The therapy, renizgamglogene autogedtemcel — reni-cel — is a one-time treatment built on CRISPR-Cas12a gene editing. Doctors collect a patient's own blood stem cells and use the gene-editing tool to switch back on production of fetal hemoglobin, a form of the oxygen-carrying protein that the body normally makes only before birth. Reactivating it dilutes the faulty adult hemoglobin and keeps red cells from sickling. The corrected cells are then returned to the patient.

For most patients, options have been limited to managing symptoms or undergoing risky bone-marrow transplants.

The results from the phase 1–2 RUBY trial were striking. Among the patients treated and followed, 27 of 28 had no vaso-occlusive crises after receiving reni-cel.
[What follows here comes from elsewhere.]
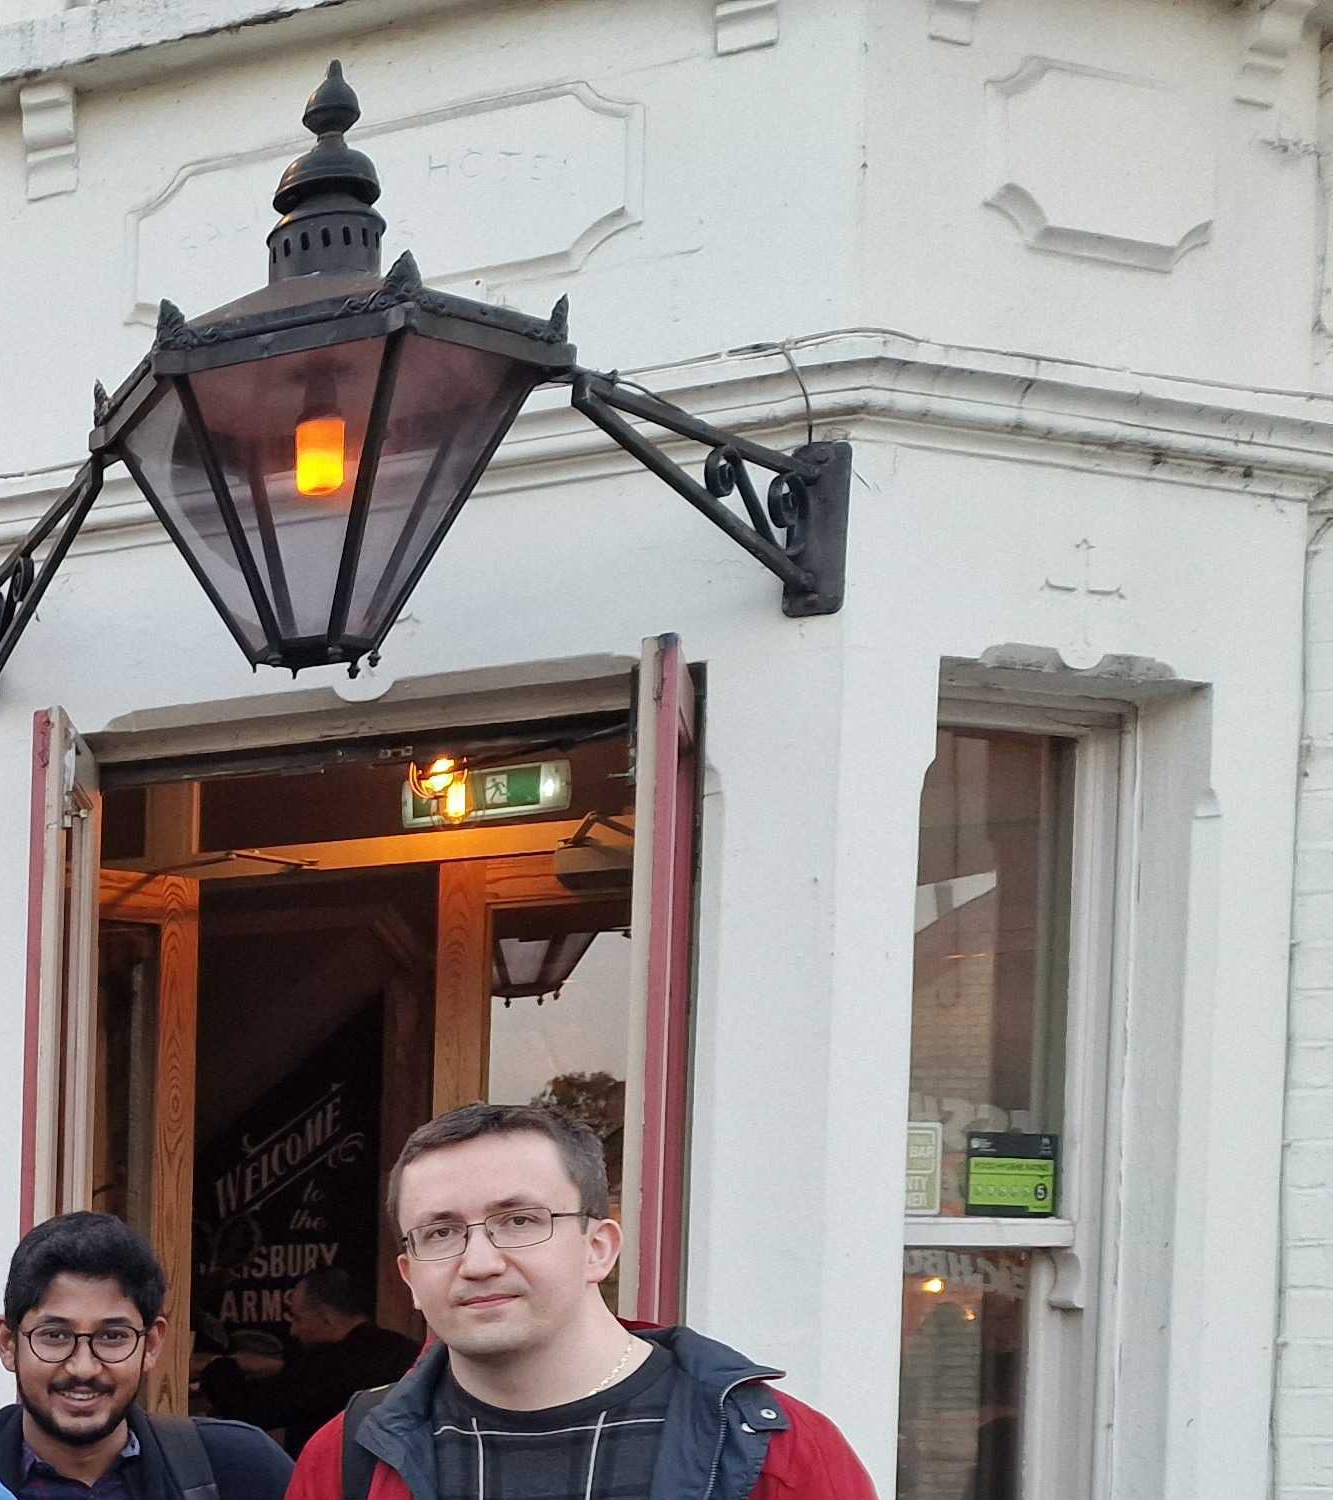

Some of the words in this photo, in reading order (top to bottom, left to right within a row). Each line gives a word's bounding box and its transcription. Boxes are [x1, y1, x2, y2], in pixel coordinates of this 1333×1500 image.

Total hemoglobin rose to normal levels — averaging about 13.8 grams per deciliter from a baseline near 9.8 — and fetal hemoglobin climbed to roughly 48% and stayed stable over time. For people who had lived with recurrent, hospitalizing pain, the elimination of crises is a life-changing shift.

As with any new gene therapy, caution is warranted. The treatment requires intensive chemotherapy conditioning before the edited cells are infused, follow-up so far is measured in months to a few years, and longer monitoring is needed to confirm the benefit endures and to fully characterize safety. The complex, individualized manufacturing also raises real questions about cost and access. Still, for a disease that has long lacked good options, a one-time therapy that stops the crises and restores healthy blood is a profound and hopeful advance.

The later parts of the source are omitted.